**YOUR OBJECTIVE**
Give the records back in full, exactly as they read.

**DATA SECTION**
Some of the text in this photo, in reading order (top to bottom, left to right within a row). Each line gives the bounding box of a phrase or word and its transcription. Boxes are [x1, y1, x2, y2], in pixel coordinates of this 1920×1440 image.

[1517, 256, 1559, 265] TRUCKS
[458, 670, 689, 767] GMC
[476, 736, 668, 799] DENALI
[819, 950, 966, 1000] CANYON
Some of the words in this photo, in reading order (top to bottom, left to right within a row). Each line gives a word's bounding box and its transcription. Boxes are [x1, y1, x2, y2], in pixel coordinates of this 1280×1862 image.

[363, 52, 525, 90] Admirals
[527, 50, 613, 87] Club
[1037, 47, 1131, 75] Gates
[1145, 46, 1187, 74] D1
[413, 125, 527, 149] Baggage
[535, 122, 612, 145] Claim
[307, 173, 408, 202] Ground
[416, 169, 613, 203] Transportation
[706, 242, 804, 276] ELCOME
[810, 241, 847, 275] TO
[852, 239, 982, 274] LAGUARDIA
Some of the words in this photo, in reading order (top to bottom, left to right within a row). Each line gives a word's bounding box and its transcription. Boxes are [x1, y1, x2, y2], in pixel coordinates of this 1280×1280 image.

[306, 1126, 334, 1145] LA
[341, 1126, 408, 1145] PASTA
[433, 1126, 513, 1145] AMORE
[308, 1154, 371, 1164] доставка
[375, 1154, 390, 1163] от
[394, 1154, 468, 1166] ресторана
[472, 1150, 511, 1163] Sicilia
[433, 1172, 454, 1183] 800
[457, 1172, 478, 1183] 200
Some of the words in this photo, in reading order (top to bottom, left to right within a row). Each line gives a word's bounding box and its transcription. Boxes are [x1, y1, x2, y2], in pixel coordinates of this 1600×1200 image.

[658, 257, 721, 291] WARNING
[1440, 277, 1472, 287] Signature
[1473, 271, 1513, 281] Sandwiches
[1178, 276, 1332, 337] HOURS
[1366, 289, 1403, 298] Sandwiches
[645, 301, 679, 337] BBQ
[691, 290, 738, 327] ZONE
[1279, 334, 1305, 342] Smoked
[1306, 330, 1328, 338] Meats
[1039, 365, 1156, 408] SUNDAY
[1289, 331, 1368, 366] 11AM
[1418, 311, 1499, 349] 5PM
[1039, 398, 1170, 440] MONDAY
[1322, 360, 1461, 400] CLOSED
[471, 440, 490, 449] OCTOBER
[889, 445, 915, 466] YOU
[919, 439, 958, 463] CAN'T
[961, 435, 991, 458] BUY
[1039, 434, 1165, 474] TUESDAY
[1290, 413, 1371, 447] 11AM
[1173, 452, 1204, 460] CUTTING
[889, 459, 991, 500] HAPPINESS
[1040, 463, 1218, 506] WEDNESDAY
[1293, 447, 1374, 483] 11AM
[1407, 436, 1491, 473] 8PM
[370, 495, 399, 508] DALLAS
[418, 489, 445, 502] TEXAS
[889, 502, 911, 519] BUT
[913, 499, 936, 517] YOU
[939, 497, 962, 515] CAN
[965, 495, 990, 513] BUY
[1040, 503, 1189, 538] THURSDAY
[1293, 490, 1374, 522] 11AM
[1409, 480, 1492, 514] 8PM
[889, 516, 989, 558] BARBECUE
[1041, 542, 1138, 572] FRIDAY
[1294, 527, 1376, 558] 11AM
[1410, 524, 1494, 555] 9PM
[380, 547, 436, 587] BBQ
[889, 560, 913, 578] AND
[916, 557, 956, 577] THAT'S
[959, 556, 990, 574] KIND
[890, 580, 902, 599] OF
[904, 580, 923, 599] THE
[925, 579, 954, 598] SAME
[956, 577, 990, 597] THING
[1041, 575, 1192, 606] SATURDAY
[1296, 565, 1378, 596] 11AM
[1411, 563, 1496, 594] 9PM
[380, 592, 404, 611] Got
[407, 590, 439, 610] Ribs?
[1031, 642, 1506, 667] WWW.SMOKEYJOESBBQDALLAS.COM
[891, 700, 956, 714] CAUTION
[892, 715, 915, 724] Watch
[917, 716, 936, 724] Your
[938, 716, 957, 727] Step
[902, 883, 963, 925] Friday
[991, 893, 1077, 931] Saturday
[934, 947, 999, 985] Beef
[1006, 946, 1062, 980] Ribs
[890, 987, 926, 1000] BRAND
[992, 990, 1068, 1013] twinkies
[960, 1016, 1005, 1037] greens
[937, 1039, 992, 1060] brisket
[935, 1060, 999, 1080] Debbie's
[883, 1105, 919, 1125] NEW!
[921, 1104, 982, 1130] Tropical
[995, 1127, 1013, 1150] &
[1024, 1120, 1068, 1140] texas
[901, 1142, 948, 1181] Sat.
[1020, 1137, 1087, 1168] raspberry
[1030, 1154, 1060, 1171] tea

**WRITTEN REPLY**
Some of the text in this photo, in reading order (top to bottom, left to right within a row). Each line gives the bounding box of a phrase or word and its transcription. Boxes are [x1, y1, x2, y2], in pixel coordinates of this 1920×1440 image.

[1517, 256, 1559, 265] TRUCKS
[458, 670, 689, 767] GMC
[476, 736, 668, 799] DENALI
[819, 950, 966, 1000] CANYON
Some of the words in this photo, in reading order (top to bottom, left to right within a row). Each line gives a word's bounding box and its transcription. Boxes are [x1, y1, x2, y2], in pixel coordinates of this 1280×1862 image.

[363, 52, 525, 90] Admirals
[527, 50, 613, 87] Club
[1037, 47, 1131, 75] Gates
[1145, 46, 1187, 74] D1
[413, 125, 527, 149] Baggage
[535, 122, 612, 145] Claim
[307, 173, 408, 202] Ground
[416, 169, 613, 203] Transportation
[706, 242, 804, 276] ELCOME
[810, 241, 847, 275] TO
[852, 239, 982, 274] LAGUARDIA
Some of the words in this photo, in reading order (top to bottom, left to right within a row). Each line gives a word's bounding box and its transcription. Boxes are [x1, y1, x2, y2], in pixel coordinates of this 1280×1280 image.

[306, 1126, 334, 1145] LA
[341, 1126, 408, 1145] PASTA
[433, 1126, 513, 1145] AMORE
[308, 1154, 371, 1164] доставка
[375, 1154, 390, 1163] от
[394, 1154, 468, 1166] ресторана
[472, 1150, 511, 1163] Sicilia
[433, 1172, 454, 1183] 800
[457, 1172, 478, 1183] 200
Some of the words in this photo, in reading order (top to bottom, left to right within a row). Each line gives a word's bounding box and its transcription. Boxes are [x1, y1, x2, y2], in pixel coordinates of this 1600×1200 image.

[658, 257, 721, 291] WARNING
[1440, 277, 1472, 287] Signature
[1473, 271, 1513, 281] Sandwiches
[1178, 276, 1332, 337] HOURS
[1366, 289, 1403, 298] Sandwiches
[645, 301, 679, 337] BBQ
[691, 290, 738, 327] ZONE
[1279, 334, 1305, 342] Smoked
[1306, 330, 1328, 338] Meats
[1039, 365, 1156, 408] SUNDAY
[1289, 331, 1368, 366] 11AM
[1418, 311, 1499, 349] 5PM
[1039, 398, 1170, 440] MONDAY
[1322, 360, 1461, 400] CLOSED
[471, 440, 490, 449] OCTOBER
[889, 445, 915, 466] YOU
[919, 439, 958, 463] CAN'T
[961, 435, 991, 458] BUY
[1039, 434, 1165, 474] TUESDAY
[1290, 413, 1371, 447] 11AM
[1173, 452, 1204, 460] CUTTING
[889, 459, 991, 500] HAPPINESS
[1040, 463, 1218, 506] WEDNESDAY
[1293, 447, 1374, 483] 11AM
[1407, 436, 1491, 473] 8PM
[370, 495, 399, 508] DALLAS
[418, 489, 445, 502] TEXAS
[889, 502, 911, 519] BUT
[913, 499, 936, 517] YOU
[939, 497, 962, 515] CAN
[965, 495, 990, 513] BUY
[1040, 503, 1189, 538] THURSDAY
[1293, 490, 1374, 522] 11AM
[1409, 480, 1492, 514] 8PM
[889, 516, 989, 558] BARBECUE
[1041, 542, 1138, 572] FRIDAY
[1294, 527, 1376, 558] 11AM
[1410, 524, 1494, 555] 9PM
[380, 547, 436, 587] BBQ
[889, 560, 913, 578] AND
[916, 557, 956, 577] THAT'S
[959, 556, 990, 574] KIND
[890, 580, 902, 599] OF
[904, 580, 923, 599] THE
[925, 579, 954, 598] SAME
[956, 577, 990, 597] THING
[1041, 575, 1192, 606] SATURDAY
[1296, 565, 1378, 596] 11AM
[1411, 563, 1496, 594] 9PM
[380, 592, 404, 611] Got
[407, 590, 439, 610] Ribs?
[1031, 642, 1506, 667] WWW.SMOKEYJOESBBQDALLAS.COM
[891, 700, 956, 714] CAUTION
[892, 715, 915, 724] Watch
[917, 716, 936, 724] Your
[938, 716, 957, 727] Step
[902, 883, 963, 925] Friday
[991, 893, 1077, 931] Saturday
[934, 947, 999, 985] Beef
[1006, 946, 1062, 980] Ribs
[890, 987, 926, 1000] BRAND
[992, 990, 1068, 1013] twinkies
[960, 1016, 1005, 1037] greens
[937, 1039, 992, 1060] brisket
[935, 1060, 999, 1080] Debbie's
[883, 1105, 919, 1125] NEW!
[921, 1104, 982, 1130] Tropical
[995, 1127, 1013, 1150] &
[1024, 1120, 1068, 1140] texas
[901, 1142, 948, 1181] Sat.
[1020, 1137, 1087, 1168] raspberry
[1030, 1154, 1060, 1171] tea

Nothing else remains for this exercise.